Tokyo, 1949. Comme point de départ, l’une des affaires les plus retentissantes du Japon moderne, digne de l’assassinat de Kennedy selon Peace : la mort mystérieuse de Shimoyama Sadanori, le président des chemins de fer japonais. Suicide ou meurtre ? L’homme, qui devait assumer le licenciement de 30 000 salariés du rail, était en danger, menacé. Construit avec un talent époustouflant, cette fiction ultra documentée se lit à plusieurs niveaux et trois époques. Telle une trilogie dans la trilogie. Écrit dans le style « David Peace », toujours aussi âpre, fiévreux et inimitable.

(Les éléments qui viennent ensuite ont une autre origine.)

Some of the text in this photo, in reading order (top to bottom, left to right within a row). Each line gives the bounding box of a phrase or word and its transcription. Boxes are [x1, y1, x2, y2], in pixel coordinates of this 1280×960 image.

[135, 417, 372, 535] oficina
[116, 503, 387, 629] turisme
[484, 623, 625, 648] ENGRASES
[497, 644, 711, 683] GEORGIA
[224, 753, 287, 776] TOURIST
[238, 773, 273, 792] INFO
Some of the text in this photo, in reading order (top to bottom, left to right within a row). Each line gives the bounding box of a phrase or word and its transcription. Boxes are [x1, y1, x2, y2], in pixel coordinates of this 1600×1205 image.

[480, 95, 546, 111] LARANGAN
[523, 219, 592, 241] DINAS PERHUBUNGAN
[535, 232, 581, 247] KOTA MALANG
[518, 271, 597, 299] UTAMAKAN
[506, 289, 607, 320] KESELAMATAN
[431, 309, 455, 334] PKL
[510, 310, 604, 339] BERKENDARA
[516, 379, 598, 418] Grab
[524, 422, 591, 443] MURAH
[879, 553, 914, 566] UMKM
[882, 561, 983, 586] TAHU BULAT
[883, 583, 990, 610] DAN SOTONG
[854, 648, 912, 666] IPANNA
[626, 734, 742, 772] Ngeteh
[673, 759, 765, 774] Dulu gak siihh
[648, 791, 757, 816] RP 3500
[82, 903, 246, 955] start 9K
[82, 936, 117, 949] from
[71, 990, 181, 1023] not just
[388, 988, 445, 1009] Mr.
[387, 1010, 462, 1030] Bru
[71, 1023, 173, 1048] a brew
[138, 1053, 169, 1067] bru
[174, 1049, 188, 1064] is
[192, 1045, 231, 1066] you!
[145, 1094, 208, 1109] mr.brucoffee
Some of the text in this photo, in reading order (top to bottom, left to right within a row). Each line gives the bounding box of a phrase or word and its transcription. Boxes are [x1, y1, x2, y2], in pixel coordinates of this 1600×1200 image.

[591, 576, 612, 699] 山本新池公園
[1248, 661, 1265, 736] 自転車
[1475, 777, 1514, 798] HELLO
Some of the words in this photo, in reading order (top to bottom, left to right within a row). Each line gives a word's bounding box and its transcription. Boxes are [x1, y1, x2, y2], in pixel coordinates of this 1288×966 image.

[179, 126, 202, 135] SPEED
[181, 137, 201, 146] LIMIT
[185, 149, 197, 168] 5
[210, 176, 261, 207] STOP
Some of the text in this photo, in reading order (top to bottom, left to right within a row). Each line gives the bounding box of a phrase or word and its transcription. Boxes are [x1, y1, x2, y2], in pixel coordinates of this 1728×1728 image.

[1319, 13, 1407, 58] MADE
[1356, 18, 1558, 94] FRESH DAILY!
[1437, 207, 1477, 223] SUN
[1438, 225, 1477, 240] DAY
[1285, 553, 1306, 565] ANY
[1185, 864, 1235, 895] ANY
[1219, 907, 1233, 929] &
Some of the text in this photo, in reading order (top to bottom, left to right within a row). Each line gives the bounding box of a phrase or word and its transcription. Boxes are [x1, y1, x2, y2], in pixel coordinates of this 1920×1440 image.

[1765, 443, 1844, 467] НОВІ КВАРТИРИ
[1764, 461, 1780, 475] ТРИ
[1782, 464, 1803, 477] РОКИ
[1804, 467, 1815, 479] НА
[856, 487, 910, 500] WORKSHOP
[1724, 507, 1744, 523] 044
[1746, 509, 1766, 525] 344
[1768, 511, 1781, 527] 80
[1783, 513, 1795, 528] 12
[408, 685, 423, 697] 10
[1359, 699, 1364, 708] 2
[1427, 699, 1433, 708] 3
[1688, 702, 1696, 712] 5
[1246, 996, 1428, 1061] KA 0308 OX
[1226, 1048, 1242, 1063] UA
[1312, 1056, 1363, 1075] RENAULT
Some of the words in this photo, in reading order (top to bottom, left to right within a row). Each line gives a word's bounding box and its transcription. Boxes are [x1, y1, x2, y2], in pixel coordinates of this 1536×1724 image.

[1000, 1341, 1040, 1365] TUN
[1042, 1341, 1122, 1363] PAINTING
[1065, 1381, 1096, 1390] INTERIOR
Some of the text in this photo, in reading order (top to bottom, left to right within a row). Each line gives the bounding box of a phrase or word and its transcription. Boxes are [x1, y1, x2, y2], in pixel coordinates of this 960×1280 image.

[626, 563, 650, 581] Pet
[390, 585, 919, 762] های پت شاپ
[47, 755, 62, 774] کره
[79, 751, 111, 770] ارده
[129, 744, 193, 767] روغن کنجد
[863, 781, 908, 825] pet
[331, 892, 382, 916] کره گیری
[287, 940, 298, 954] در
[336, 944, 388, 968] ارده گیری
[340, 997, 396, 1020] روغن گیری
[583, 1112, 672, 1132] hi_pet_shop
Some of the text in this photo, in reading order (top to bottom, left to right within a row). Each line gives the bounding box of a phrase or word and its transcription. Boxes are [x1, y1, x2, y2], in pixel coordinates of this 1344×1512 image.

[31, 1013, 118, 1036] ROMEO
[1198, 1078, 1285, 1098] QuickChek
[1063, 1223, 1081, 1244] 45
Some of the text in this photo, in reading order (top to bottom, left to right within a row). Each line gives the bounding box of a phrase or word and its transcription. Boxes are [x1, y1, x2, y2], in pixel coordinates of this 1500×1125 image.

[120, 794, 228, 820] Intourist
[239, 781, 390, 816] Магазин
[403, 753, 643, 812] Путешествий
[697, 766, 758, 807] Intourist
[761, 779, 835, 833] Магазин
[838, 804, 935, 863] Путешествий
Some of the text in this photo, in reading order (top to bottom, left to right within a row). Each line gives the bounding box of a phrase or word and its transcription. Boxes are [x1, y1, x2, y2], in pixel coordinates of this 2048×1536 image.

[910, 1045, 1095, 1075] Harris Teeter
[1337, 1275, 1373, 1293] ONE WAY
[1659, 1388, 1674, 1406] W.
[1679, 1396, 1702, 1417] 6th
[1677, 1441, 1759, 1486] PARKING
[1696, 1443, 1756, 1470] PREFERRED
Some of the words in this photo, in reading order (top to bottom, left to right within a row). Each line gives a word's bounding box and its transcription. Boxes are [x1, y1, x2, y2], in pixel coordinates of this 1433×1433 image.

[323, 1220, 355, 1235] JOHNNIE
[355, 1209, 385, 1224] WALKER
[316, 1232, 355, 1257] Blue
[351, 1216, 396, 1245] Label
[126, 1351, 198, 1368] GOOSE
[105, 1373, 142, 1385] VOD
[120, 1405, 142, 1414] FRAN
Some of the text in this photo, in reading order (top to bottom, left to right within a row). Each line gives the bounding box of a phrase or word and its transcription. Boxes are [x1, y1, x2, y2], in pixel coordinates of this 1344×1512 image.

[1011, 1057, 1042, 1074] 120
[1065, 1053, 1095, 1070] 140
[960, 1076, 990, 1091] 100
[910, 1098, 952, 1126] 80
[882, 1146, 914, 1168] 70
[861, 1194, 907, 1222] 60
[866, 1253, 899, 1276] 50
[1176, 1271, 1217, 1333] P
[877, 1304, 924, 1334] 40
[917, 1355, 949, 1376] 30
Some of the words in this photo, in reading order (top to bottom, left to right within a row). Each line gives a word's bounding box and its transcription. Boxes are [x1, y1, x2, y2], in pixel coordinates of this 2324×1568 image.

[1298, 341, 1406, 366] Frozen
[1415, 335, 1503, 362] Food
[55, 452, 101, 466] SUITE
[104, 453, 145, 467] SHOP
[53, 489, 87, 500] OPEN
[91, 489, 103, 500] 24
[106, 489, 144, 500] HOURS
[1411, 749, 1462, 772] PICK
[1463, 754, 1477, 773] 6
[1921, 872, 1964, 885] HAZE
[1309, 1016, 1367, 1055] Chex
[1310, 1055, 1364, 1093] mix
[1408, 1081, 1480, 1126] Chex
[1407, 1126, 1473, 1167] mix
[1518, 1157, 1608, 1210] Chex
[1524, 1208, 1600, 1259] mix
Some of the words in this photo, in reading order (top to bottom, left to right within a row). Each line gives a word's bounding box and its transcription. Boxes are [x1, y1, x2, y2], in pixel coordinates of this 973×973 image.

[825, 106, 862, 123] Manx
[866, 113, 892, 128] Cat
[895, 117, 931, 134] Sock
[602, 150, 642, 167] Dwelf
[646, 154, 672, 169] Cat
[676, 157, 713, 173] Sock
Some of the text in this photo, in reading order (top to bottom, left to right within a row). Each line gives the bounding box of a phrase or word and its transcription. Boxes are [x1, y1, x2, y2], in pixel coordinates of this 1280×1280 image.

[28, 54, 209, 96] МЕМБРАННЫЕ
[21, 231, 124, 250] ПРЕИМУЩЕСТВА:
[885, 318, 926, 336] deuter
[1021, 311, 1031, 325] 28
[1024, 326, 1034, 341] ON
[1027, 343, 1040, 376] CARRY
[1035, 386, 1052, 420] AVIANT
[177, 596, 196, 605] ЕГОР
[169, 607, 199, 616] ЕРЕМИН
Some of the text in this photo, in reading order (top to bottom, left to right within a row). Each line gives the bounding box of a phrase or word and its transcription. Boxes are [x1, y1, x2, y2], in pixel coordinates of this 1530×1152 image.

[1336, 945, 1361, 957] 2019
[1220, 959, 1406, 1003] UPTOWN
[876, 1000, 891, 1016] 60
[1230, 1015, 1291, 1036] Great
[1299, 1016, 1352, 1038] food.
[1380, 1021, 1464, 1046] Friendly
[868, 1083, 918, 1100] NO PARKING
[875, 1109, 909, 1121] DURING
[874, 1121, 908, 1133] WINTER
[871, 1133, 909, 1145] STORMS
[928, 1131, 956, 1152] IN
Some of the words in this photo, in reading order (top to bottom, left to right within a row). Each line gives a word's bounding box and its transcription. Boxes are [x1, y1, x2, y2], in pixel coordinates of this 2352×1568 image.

Un immense roman noir.

N.B. Avec Tokyo Revisitée, David Peace boucle sa trilogie japonaise qui se déroule pendant l’occupation militaire américaine, entamée en 2007 avec Tokyo année zéro, puis poursuivie avec Tokyo, ville occupée en 2009. Chaque roman peut aussi être lu les uns indépendamment des autres.

Pourquoi je vous le conseille ?

Pour mieux comprendre le Japon contemporain à travers certains faits-divers qui nous ont totalement échappés. Car « le crime est une clé de lecture formidable d’une époque. » Dixit David Peace, qui réussit à tisser finement l’histoire et la fiction, les personnages réels et des héros inventés. Parce que l’auteur s’appuie sur une immense documentation, lui qui est Tokyoïte depuis 1994. Car ses personnages sont complexes, obsessionnels. Pour le style, incontestablement. L’incantation, la poésie, le rythme. Car cette écriture habitée procure une expérience de lecture hors du commun. Et je pèse mes mots.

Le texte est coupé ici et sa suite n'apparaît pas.